Giving themselves generous raises generates public ire, so legislators passed a bill to make annual pay hikes for Congress automatic. Nice, huh? This requires members to vote against getting a raise. Otherwise, the increase takes effect automatically. It was signed in May 2010 by President Barack Obama and was the second consecutive year lawmakers opted not to receive their automatic cost-of-living increase. This nixed Congress' automatic 2011 pay raise.
The base pay for House and Senate lawmakers is $174,000, though leaders earn a higher salary. Another cost-of-living increase would have given lawmakers a $1,600 raise in 2011. By rescinding the increase, lawmakers saved taxpayers $850,000 for next year.
Reps. Harry Mitchell (D-Ariz.) and Jim Matheson’s (D-Utah) bill, while Sen. Russ Feingold (D-Wis.) led the charge to halt the pay increase in the upper chamber.

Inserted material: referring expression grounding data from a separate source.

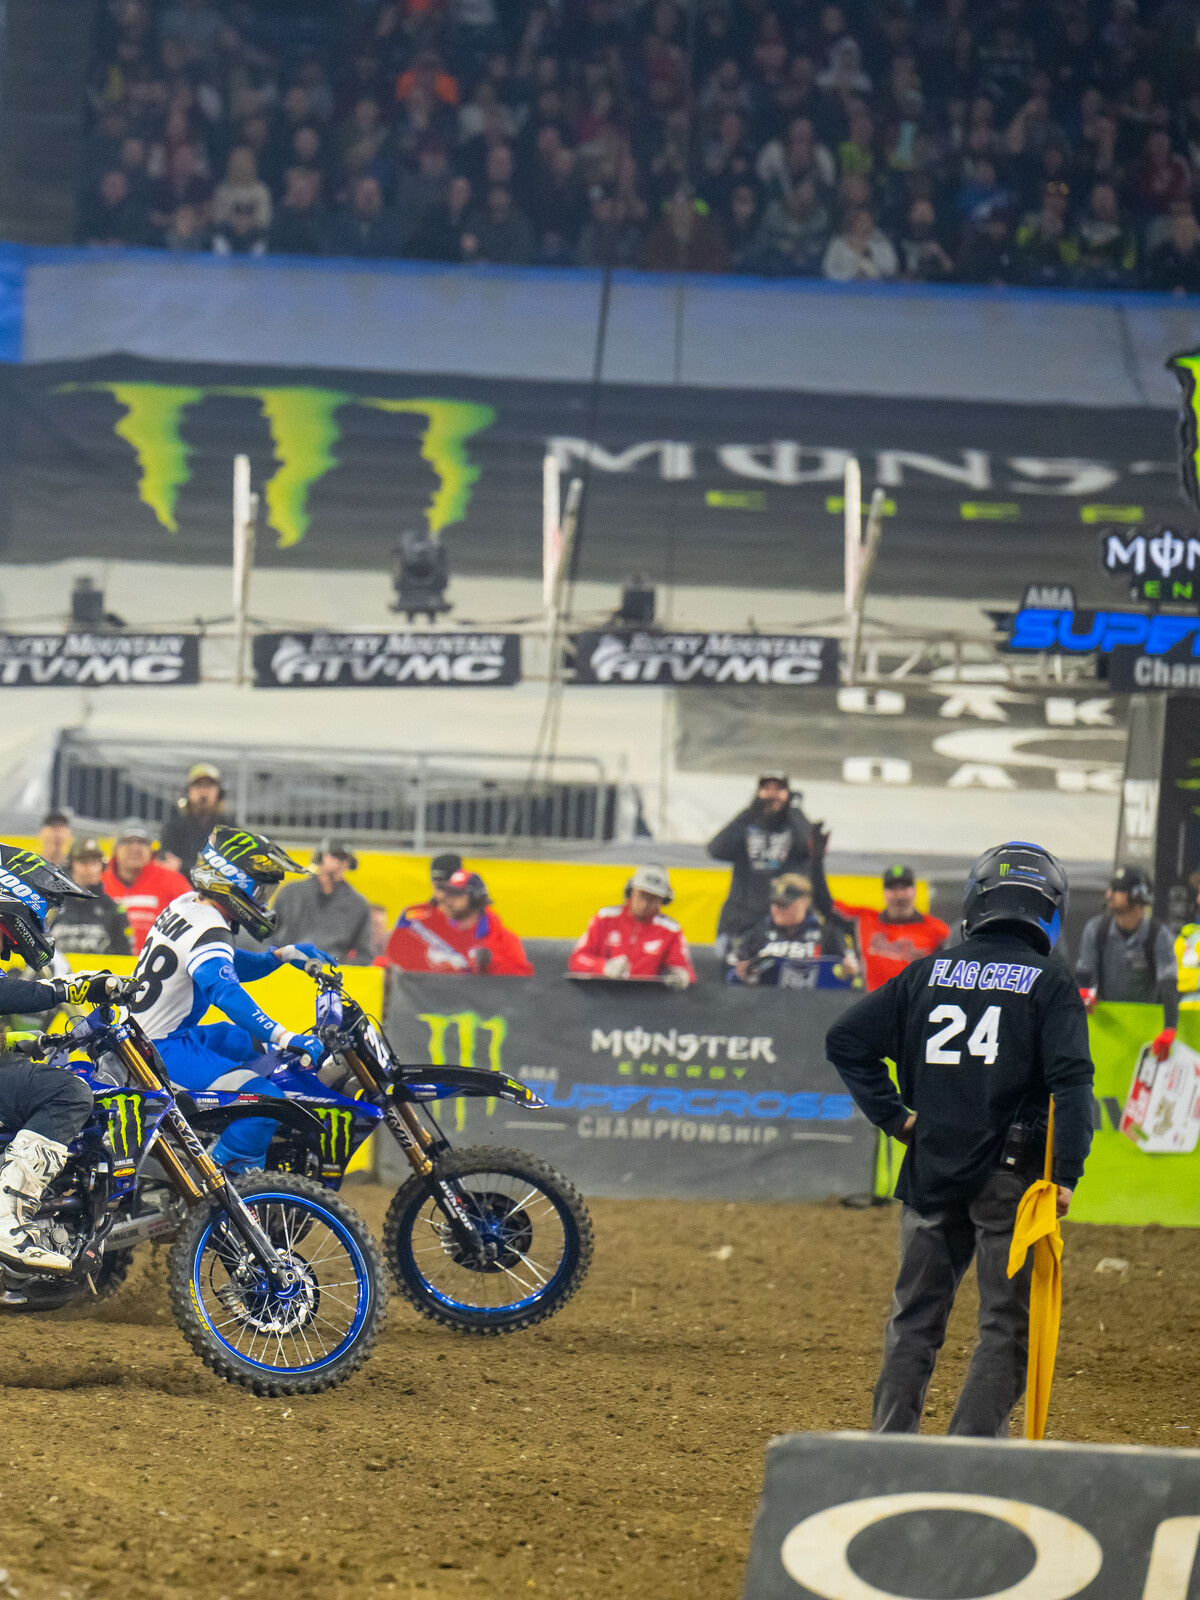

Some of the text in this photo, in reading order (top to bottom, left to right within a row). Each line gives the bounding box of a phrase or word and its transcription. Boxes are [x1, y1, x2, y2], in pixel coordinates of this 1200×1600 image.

[63, 634, 185, 657] MOUNTAIN
[385, 634, 506, 655] MOUNTAIN
[704, 633, 824, 656] MOUNTAIN
[1010, 608, 1200, 659] SUPE
[203, 848, 254, 890] 100%
[928, 959, 1043, 994] FLAG CREW
[591, 1026, 778, 1064] MONSTER
[925, 1004, 1002, 1065] 24
[618, 1061, 748, 1080] ENERGY
[577, 1116, 779, 1143] CHAMPIONSHIP
[439, 1180, 473, 1231] DUNLOP
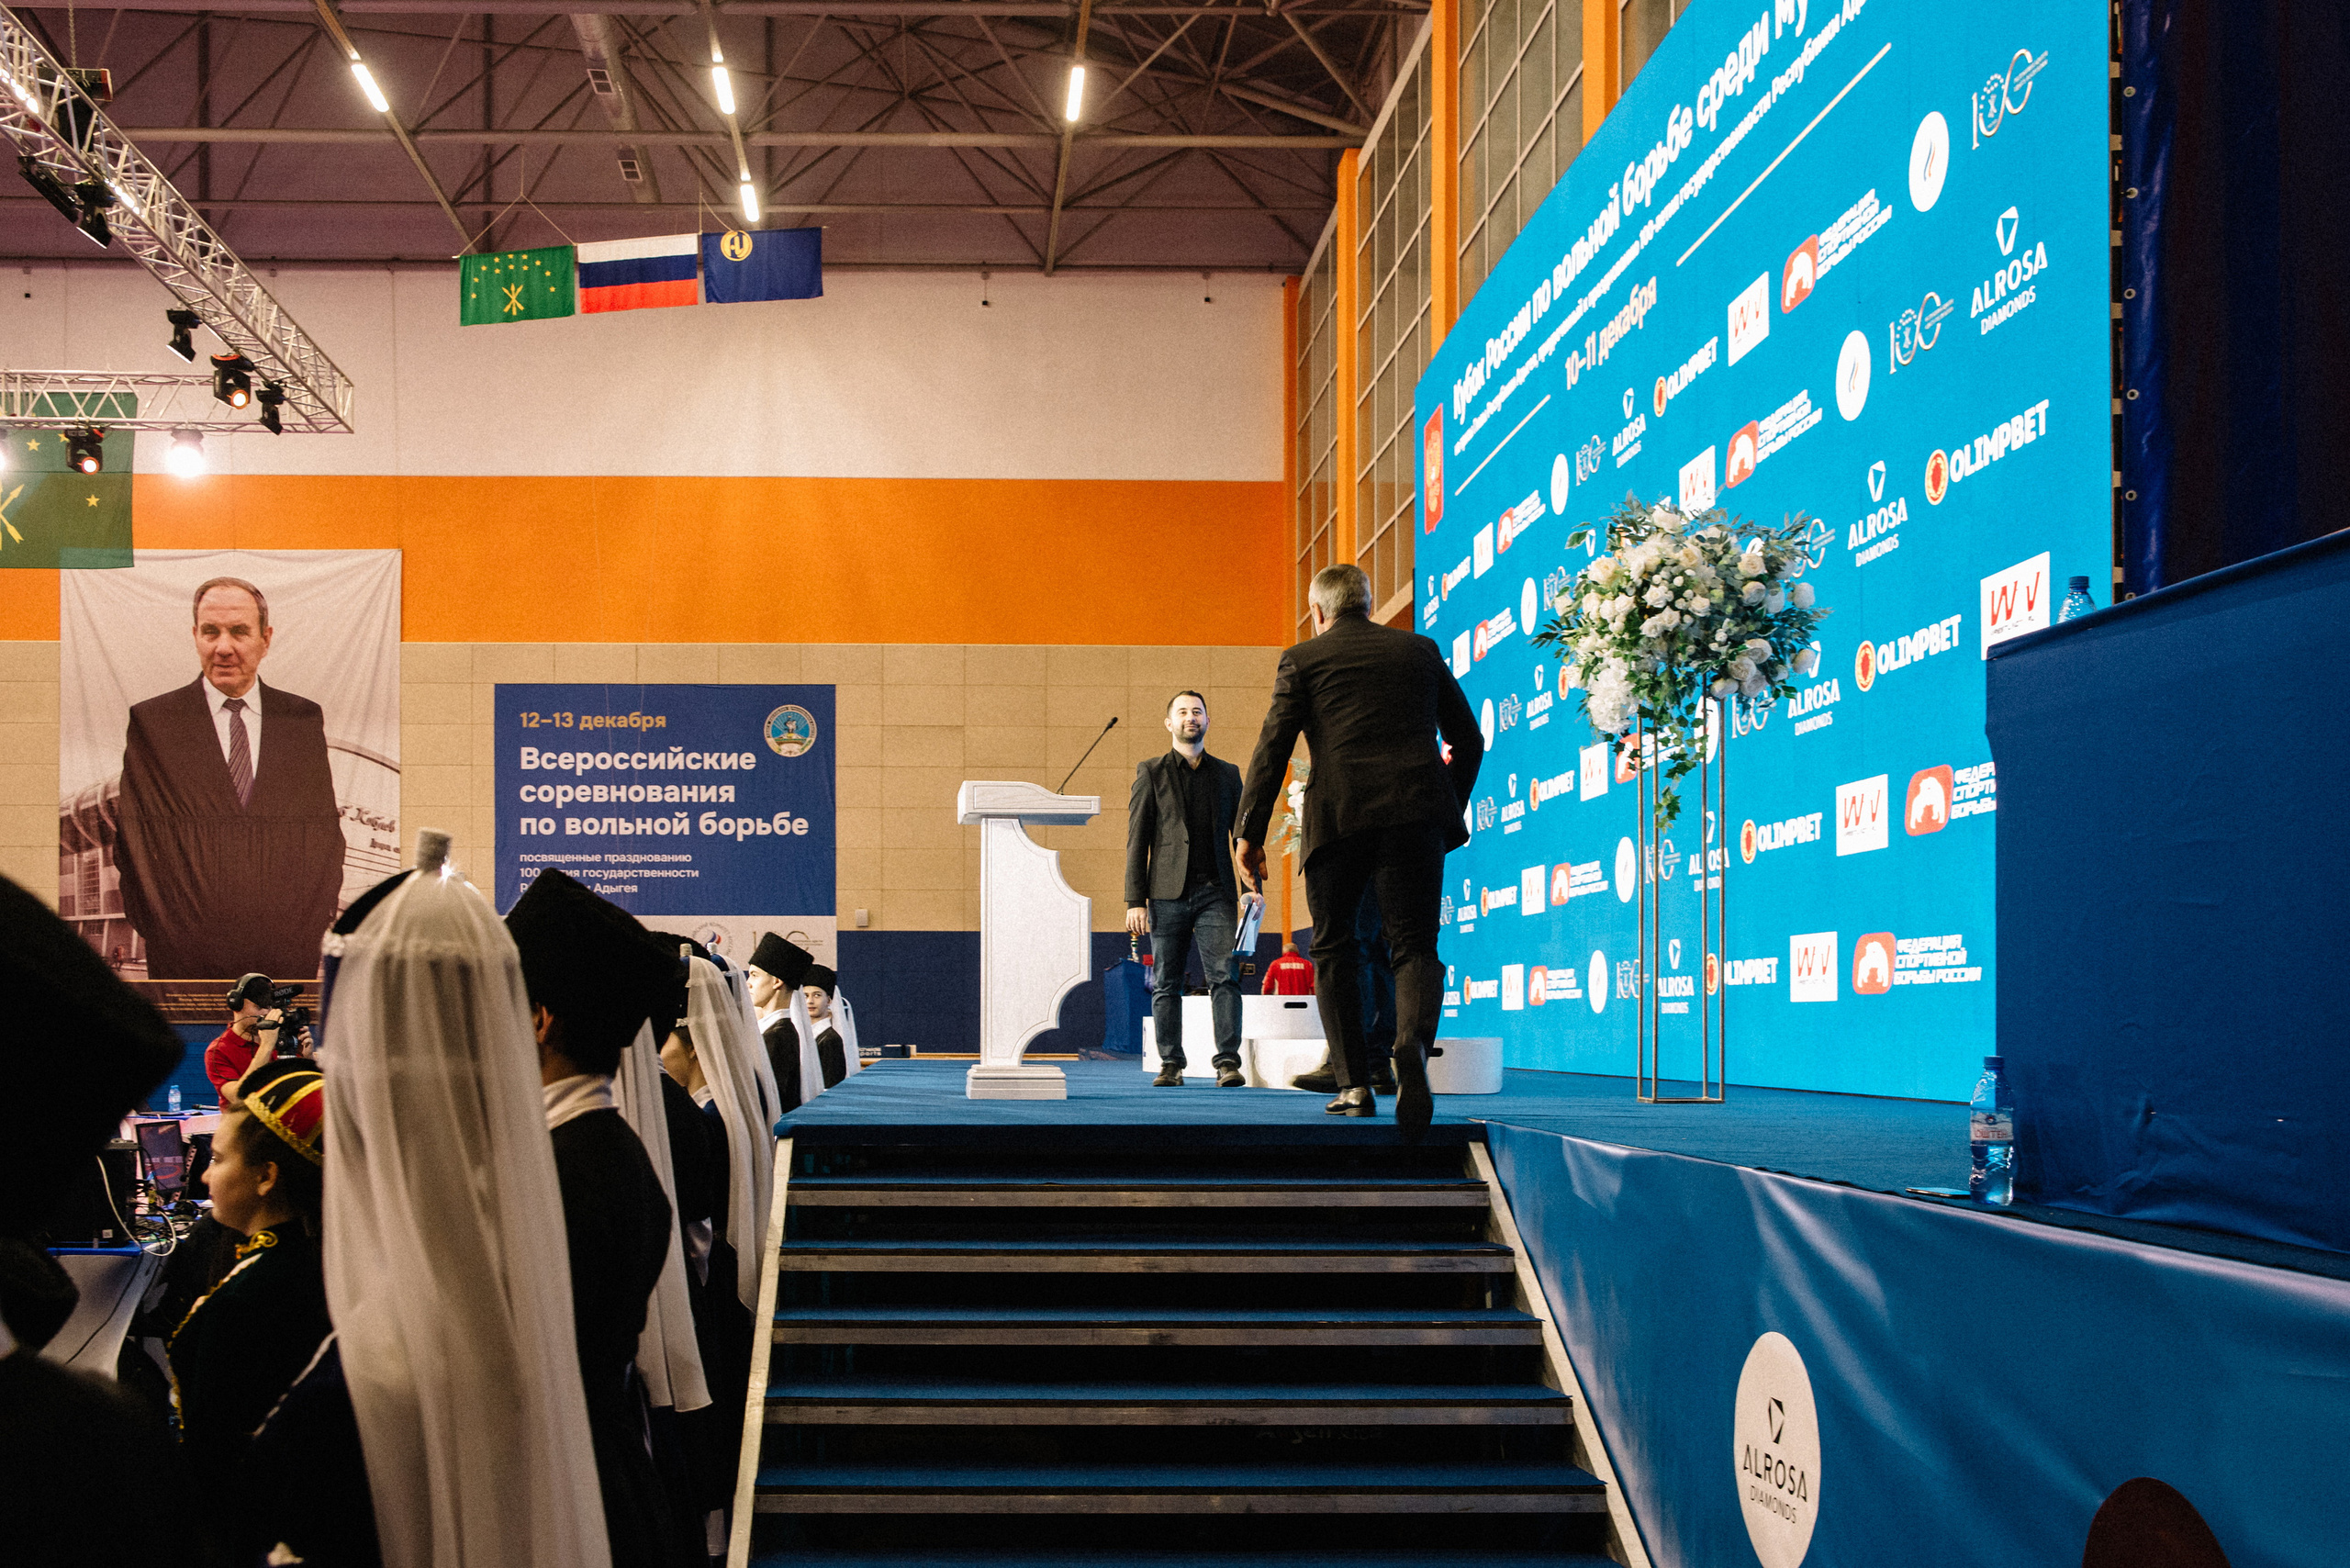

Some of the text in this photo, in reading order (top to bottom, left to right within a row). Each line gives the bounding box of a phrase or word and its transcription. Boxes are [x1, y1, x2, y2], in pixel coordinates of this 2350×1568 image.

[1453, 357, 1485, 425] Кубок
[1486, 301, 1531, 379] России
[1532, 279, 1551, 324] по
[1552, 182, 1620, 300] вольной
[1622, 104, 1694, 216] борьбе
[1696, 11, 1769, 131] среди
[1970, 241, 2048, 319] ALROSA
[1599, 275, 1657, 365] декабря
[1980, 286, 2036, 335] DIAMONDS
[1666, 336, 1718, 399] OLIMPBET
[1612, 413, 1646, 456] ALROSA
[1949, 398, 2049, 482] OLIMPBET
[1847, 497, 1908, 551] ALROSA
[1855, 533, 1899, 567] DIAMONDS
[1876, 614, 1962, 675] OLIMPBET
[1787, 678, 1841, 719] ALROSA
[579, 711, 666, 733] декабря
[520, 746, 756, 776] Всероссийские
[520, 784, 735, 809] соревнования
[520, 812, 809, 842] по вольной борьбе
[1757, 812, 1823, 853] OLIMPBET
[520, 854, 692, 865] посвященные празднованию
[582, 868, 699, 879] государственности
[594, 882, 638, 895] Адыгея
[1935, 967, 1983, 983] РОССИИ
[1743, 1444, 1807, 1503] ALROSA
[1750, 1484, 1797, 1524] DIAMONDS

"To raise congressional pay at a time when so many families are still struggling to make ends meet would be unconscionable and glaringly out of touch", said Mitchell.
With passage of the Ethics Reform Act of 1989, lawmakers authorized themselves the automatic, "no debate, no vote" annual cost-of-living raise, unless they specifically pass legislation rejecting or reducing it. Congress has voted to reject the automatic raise six times since then, most recently in 2007. In 2008, lawmakers accepted a $4,100 raise.
Members of Congress set their own pay and they’ve been quite generous. Rank and file members of congress now earn $174,000 annually — more than about 97% of the rest of the country. That’s up 23% over the past decade. Cutting Congressional pay would still be generous!
In addition to their $174,000 annual salaries ($193,400 for House and Senate leadership), all members of Congress have discretionary office accounts worth roughly $1.5 million and travel at the public’s expense. And that’s just the tip of the iceberg.Congressional perks, though scaled back bit over the past decade, are still generous enough to make you drool.
If Kirkpatrick’s legislation passed, it would have been the first Congressional pay CUT in 77 years since the Great Depression.
So what happened to cutting Congressional pay? Nothing. Because "Congress" happened, of course. Members of Congress did what they always do when there is a popular bill that they want to kill. They ignore it, thus allowing a bill to die quietly of neglect so that no elected leader faces the unpleasantness of telling the American people with actions (which speak louder than than words): "We don’t feel your pain and we don’t have to."